The male that doesn't like other dogs - his name is Duke. He is neutered, and I have had him for almost 2 years. I got him when he was about 8 weeks old. He is pure-bred, and the dog that I am giving up is named Rocky. Duke is just particularly aggressive towards other dogs. Like today, for example, I took him to the vet for his shots. Any time he even SAW another dog, he just started barking, and lunging towards them. Of course, he was barking at a cat too - but he had never seen a cat before (I'm not a cat person). 

The dog that I am giving up - Rocky - got into a fight with 2 other male dogs, but I don't think it was because they were males. They're both long stories, but he ended up getting into a scuffle - not necessarily a fight - with the boxer next door, and then he got into a fight with another 33 pound mutt that was in my garage. 

Duke hasn't really gotten into a fight before, he just kind of barks and lunges at other dogs, but I have always been there to reel him back.

Rocky, the dog I am giving up, is going to live with a co-worker of mine who was raised with GSDs. He has a large yard for him to play in and he is a runner, so Rocky can go play a lot.

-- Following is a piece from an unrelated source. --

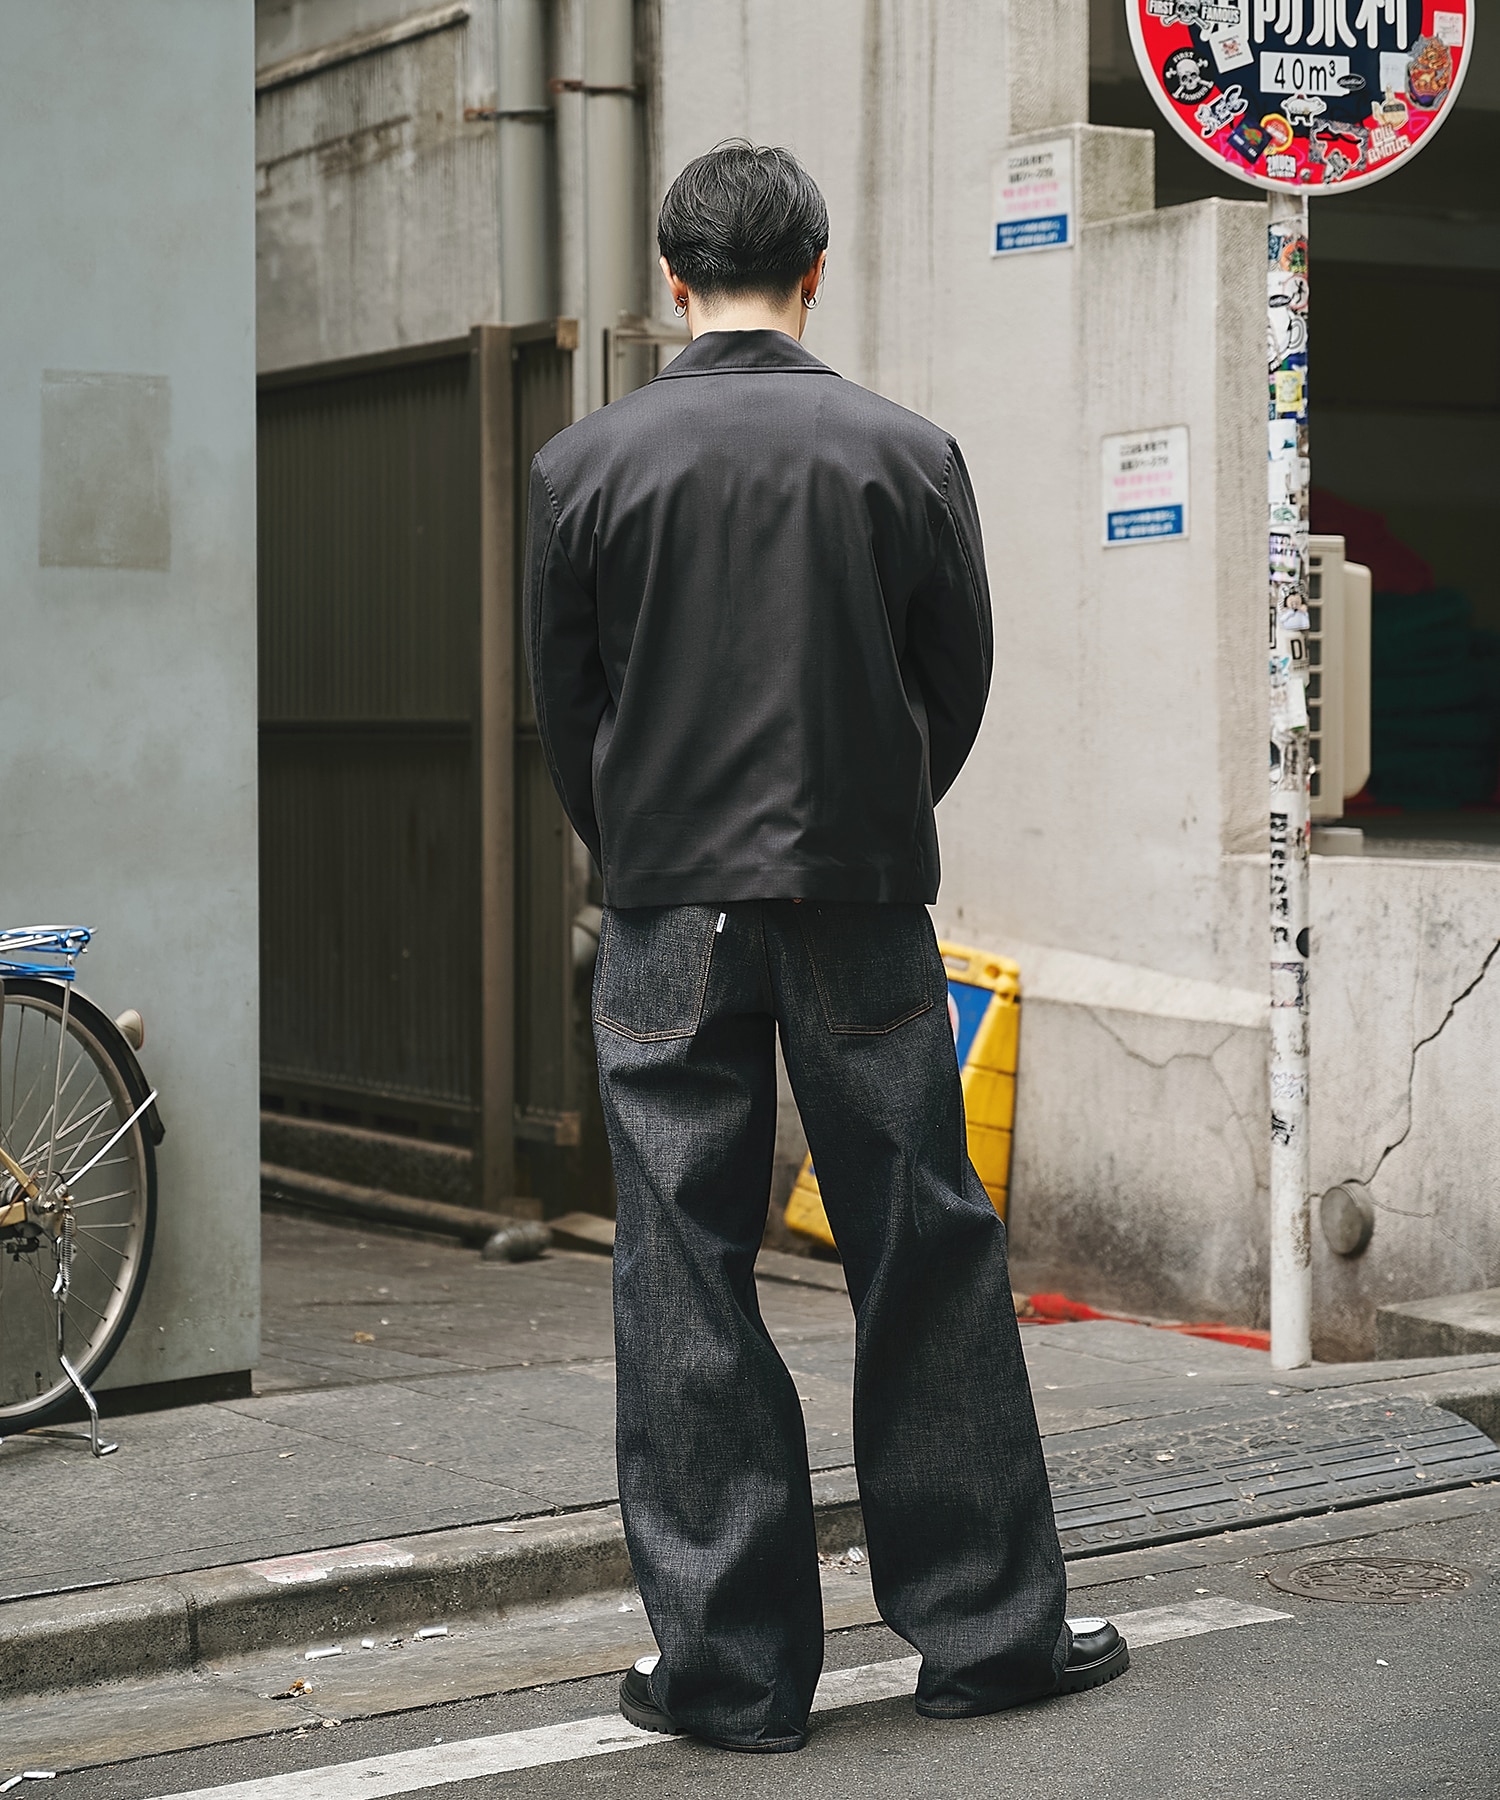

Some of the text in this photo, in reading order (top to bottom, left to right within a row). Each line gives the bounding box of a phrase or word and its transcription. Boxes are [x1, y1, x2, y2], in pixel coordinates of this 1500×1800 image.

[1149, 1, 1240, 23] FIRST FAMOUS
[1173, 51, 1194, 62] FIRST

It is a great place for him to be. 

I'm just not really sure what to do. If I can't get Duke under control, I may have to give him up as well. Since I've downsized from a house to an apartment, I really need him to learn how to behave better on a leash so that I can take him for more runs because he does not have the yard that he used to. 


------------------
Now, it seems to me that this person got "Duke" as a puppy and never socialized him...at all. Barking and lunging at dogs at the Vet's, attacks other dogs on his property, etc. 

Any tips/ideas for this person? Seems like the dog is running all over her.


----------



## AbbyK9 (Oct 11, 2005)

It sounds to me as if she has not really done any training or socialization with Duke, the dog she is keeping. If I were to give her advice, I would recommend she enroll in a training class where the dog will be exposed to other dogs in a supervised environment. If there are any training places near you that offer a Reactive Rover / growl class that is geared toward dogs that have bad behaviors, that would be ideal.


----------



## SouthernThistle (Nov 16, 2005)

I asked her what type of training she is currently doing with the dog, and what type of training/socialization she has done with the dog? It seems pretty cut and dry to me - the age-old, "I got a German Shepherd puppy because I always wanted a German Shepherd."


----------



## SouthernThistle (Nov 16, 2005)

Update: I asked the owner what type of training the dog has and what sort of reprimand has she given Duke when he shows "aggression" or "acts up." 

I was then replied with the following:

"Before I go into his story, what type of reprimanding do YOU use?"

Can't see how that's a relevant question, and leads me to believe if I said, "positive reinforcement, redirection, etc." that the owner is trying to answer questions based on what I would want to hear and not what they really do.

I told them that wasn't the question I asked, and I was only asking about how she corrected her dog to get a better feel for the type of training he had received as well as extent to better determine what type of dog he might be (what corrections/redirection/training she might want to look into for him.)


----------



## AbbyK9 (Oct 11, 2005)

Respond, "I am trying to help, but before I can give any useful advice, I really need to know more about the dog and his background, as I am not there to evaluate him myself."


----------



## Riley's Mom (Jun 7, 2007)

My gut reaction is that this owner is not going to follow through with any formal training. Why would they start now? Some of the actions of the one dog (scuffle not a fight?) seem like it's possibly she doesn't know the difference between a dominance ritual and a dog scuffle/fight. Since she backed off to call it a scuffle that's what comes to mind. Some people think dogs are fighting when they're not, they're doing their doggie intro which can be scary - it was for me when I first saw it, I thought it was a fight or a fight going to happen at the very least.

The barking and lunging can all be cured in most cases, with the right training but first the dog has to have the right owner.


----------



## SouthernThistle (Nov 16, 2005)

I tried that Historian, but when I told her I was trying to get a better grasp on the type of dog he is without seeing him myself, my e-mail was never responded to.


----------



## AbbyK9 (Oct 11, 2005)

IMHO - don't bother, then. She isn't going to listen, anyway.


----------